Otra forma que ha encontrado este CeSAC de ir más allá del policonsultorio es el largo proceso que elles llaman “recuperación del predio”. Se trata de un predio que pertenecía al Ministerio de Deportes de la Ciudad y que, luego de años de lucha (que incluyó el cierre del CeSAC por tres días), el CeSAC y las organizaciones del barrio consiguieron, en 2020, que pasara al Ministerio de Salud y quedara a cargo de la directora del CeSAC. Durante 2020 y 2021, iniciaron un proceso en el que pensaron el uso de ese predio: no se limitaron a decir “hagamos más consultorios y más sala de espera”, no cayeron en ese automatismo (el que responde a la demanda de satisfacer las demandas). Al contrario, durante ese tiempo tejieron red, armando una mesa de trabajo donde se reunían quincenalmente los actores colectivos[4] del barrio, incluido el CeSAC y un grupo de estudiantes de arquitectura de la UNDAV (Universidad Nacional de Avellaneda). En ese espacio, tomaron distancia del automatismo de satisfacer la demanda de cada paciente que llega al lugar y pensaron cómo usar el predio haciéndole lugar al territorio que se produce al interactuar con el barrio. Y pensaron que, además de más consultorios y más sala de espera, más espacio para la farmacia y la administración, también hacían falta espacios de la comunidad. El resultado es un proyecto arquitectónico que tiene un patio donde se pueden hacer festivales o peñas barriales, un salón de usos múltiples donde se pueden hacer actividades colectivas y una terraza acondicionada como huerta a trabajar comunitariamente. Ese proyecto fue declarado de interés por la Legislatura de la Ciudad, y ahora se viene la lucha para que el Gobierno de la Ciudad lo construya. Me detuve en este proyecto y su historia (que por supuesto abrevié muchísimo) para mostrar un más-allá de la astitución que va más allá en más de un sentido: primero, forma común al reclamar que el predio pase al área de salud, luego, forma común (la mesa de trabajo) al pensar qué construir en el predio, un común que se mantiene reclamando que el proyecto arquitectónico se construya, y finalmente propicia espacios comunes en el edificio que el común proyectó. En un más-allá no se sabe si el sujeto son las personas o es, más bien, el encuentro colectivo, el común. El sujeto en este más-allá no es ni la médica ni la paciente, ni el docente ni el cursante, sino el encuentro entre elles, el territorio que se teje entre la institución y el barrio.

Redondeando, estos tres casos de más-allás que les cuento son casos muy singulares pero justamente valen porque son singulares, porque nos sacan de la corriente general. Hay una posibilidad de ir más allá de la “demandificación” de lo social: no es todo atender demandas; es también que lo social mismo encuentre problemas comunes que trabajar comúnmente. Se trata de armar común, pero de armar común alrededor de alguna idea o concepto que poner a trabajar en la situación. No es decir, “ah, como somos todos de La Boca, ya está, somos comunidad”; con eso no alcanza. La Boca es una geografía que no necesariamente hace territorio; las actividades del CeSAC y actividades culturales como murgas o clubes, van creando territorio, hacen territorio en el sentido de hacer relaciones sociales que sí hacen una geografía social, no una geografía objetiva. Bueno, todo eso que hace el CESAC es un proceso de salud comunal, pero ahí hay una idea de salud colectiva, que se va gestando en las prácticas de salud comunitaria, como en el CFP hay una idea de relación entre trabajo y escuela que se va gestando al relacionarlos, como en los consorcios hay una idea de paisaje popular o de consorcio común, de un consorcio que no es solamente administración y reclamo, sino también relación de confianza entre vecines, producción de hospitalidad común.
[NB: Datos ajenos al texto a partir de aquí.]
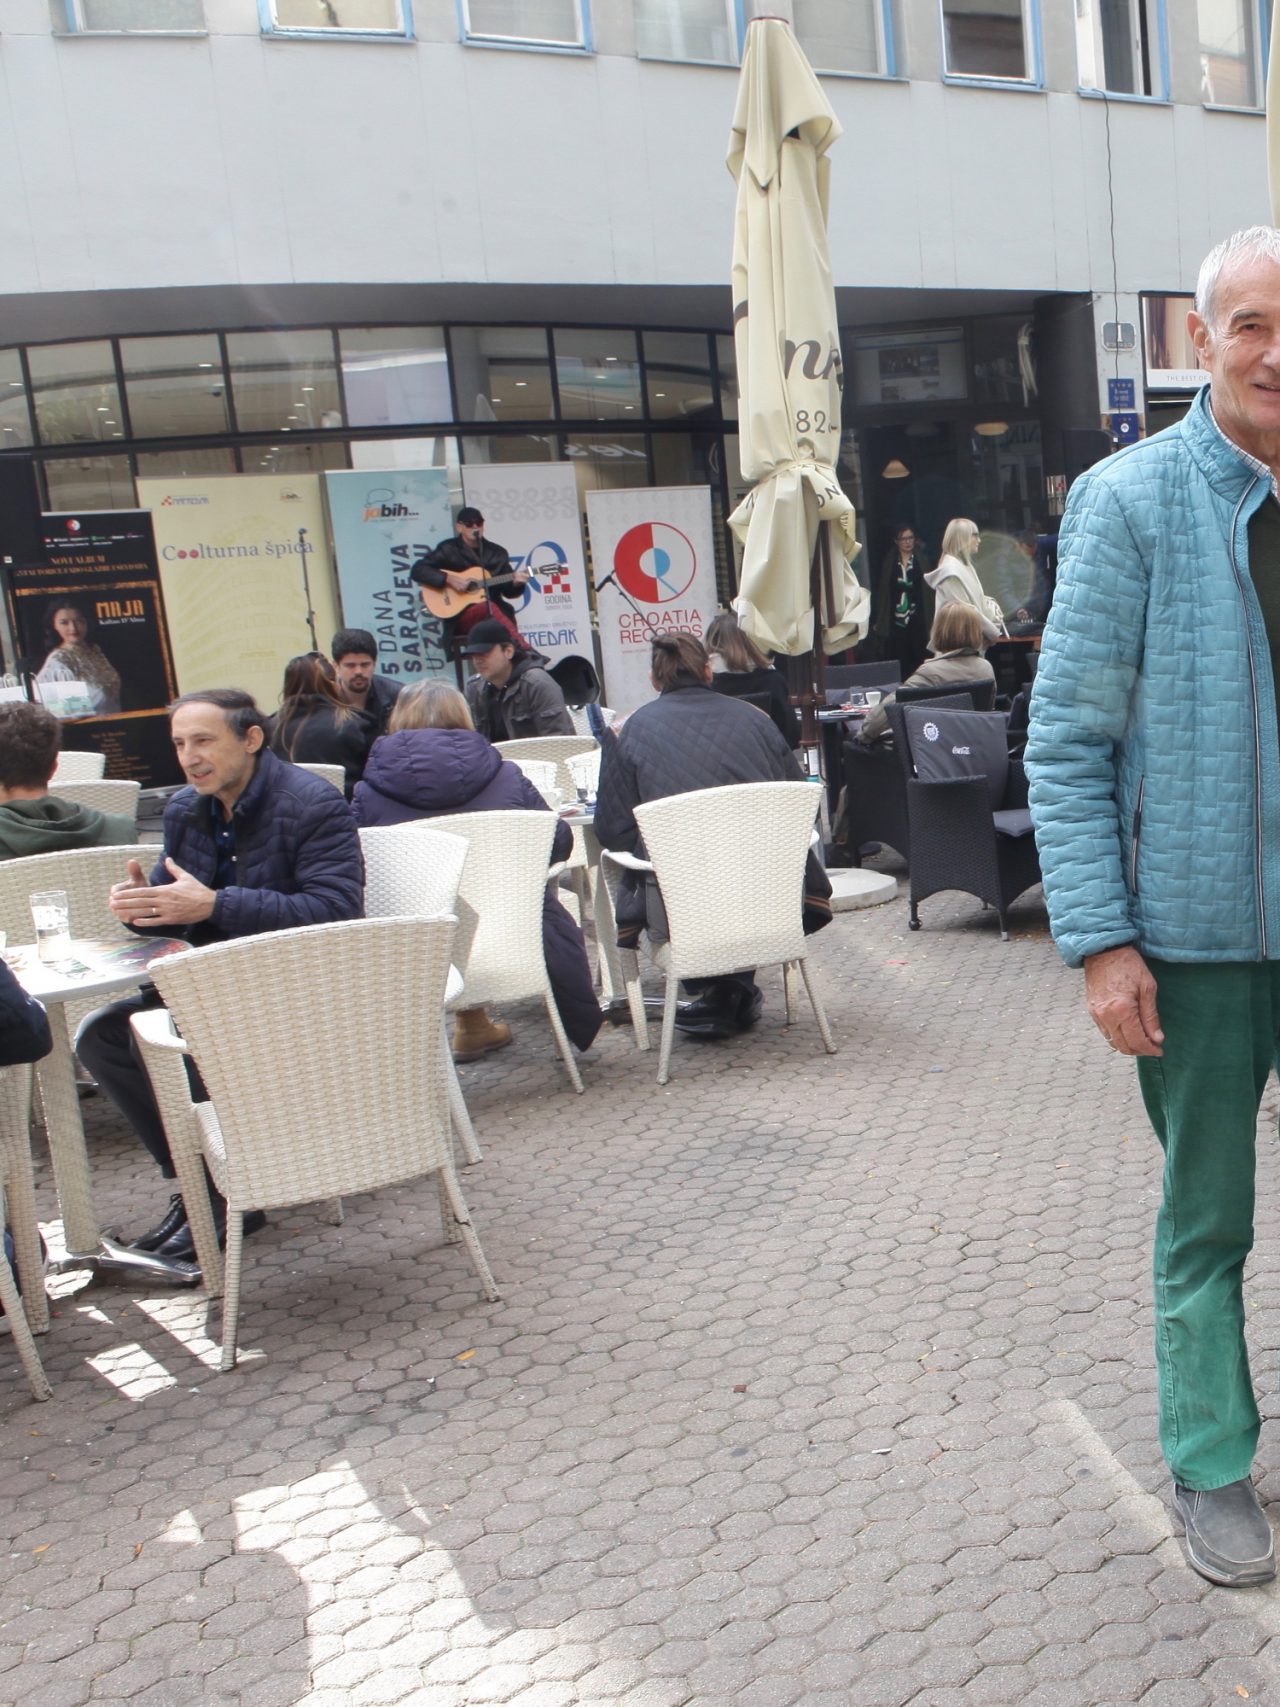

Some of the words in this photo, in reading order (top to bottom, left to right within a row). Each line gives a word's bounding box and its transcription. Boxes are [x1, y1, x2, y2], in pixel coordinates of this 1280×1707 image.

Bien. Voy a tratar de redondear diciendo qué hace cada tipo de institución. La institución sólida creaba común pero el común era más bien trascendente, porque no estaba adentro de la institución sino que estaba fuera, era la Nación; entonces el común era un común abstracto, y la institución ligaba con ese común. Quiero distinguir ese común del mercado. El mercado nos atraviesa a todos, pero el común nacional es un común simbólico. El mercado y su lógica la compartimos todos pero, en tiempos de solidez, había una representación de lo común. En el mercado no nos representamos que compartimos algo con los demás.

-Es más como una competencia por ahí.

Hay una competencia. También hay una cooperación porque está la cooperación entre quienes potabilizan el agua y los que la usamos, pero no se ve la cooperación, o tenemos una cooperación con los colectiveros y los mecánicos que arreglan los colectivos, pero tampoco hay una representación de esa cooperación.

Pasemos a la institución fluida, a la que le digo astitución. Esta es una palabrita que inventé para acortar y para diferenciar de la institución clásica, para diferenciar de institución sólida y también para decir que no pasa algo que pasaba en los ’90, que era la destitución, ni tampoco lo que se imaginaba en los años kirchneristas, una restitución. No sabía qué prefijo ponerle y le puse la a-; no suena muy bien pero es para decir que no hay destitución ni tampoco restitución. Pero antes de decir algo más sobre la astitución quiero detenerme en esas instituciones destituidas de los ’90 que Ignacio Lewkowicz llamó “galpones”. Les leo:

“La velocidad del mercado amenaza la consistencia ya fragmentada de las instituciones, nacidas para operar en terrenos sólidos. De esta manera -sin función ni capacidad a priori de adaptarse a la nueva dinámica-, se transforman en galpones. Esto es, en un tipo de funcionamiento ciego a la destitución de la lógica estatal y a la instalación de la dinámica de mercado. Vale decir que esta ceguera compone un cuadro de situación donde prosperan suposiciones que no son tales, subjetividades desvinculadas, representaciones e ideales anacrónicos, desregulaciones legitimadas en nombre de la libertad, opiniones varias, etcétera. Se trata, en definitiva, de configuraciones anómicas que resultan de la destitución de las regulaciones nacionales, de reductos hostiles donde la posibilidad de producción vincular deviene, a priori, imposible.” (“Escuela y ciudadanía”, En Pedagogía del aburrido, p. 32-3, subrayados míos)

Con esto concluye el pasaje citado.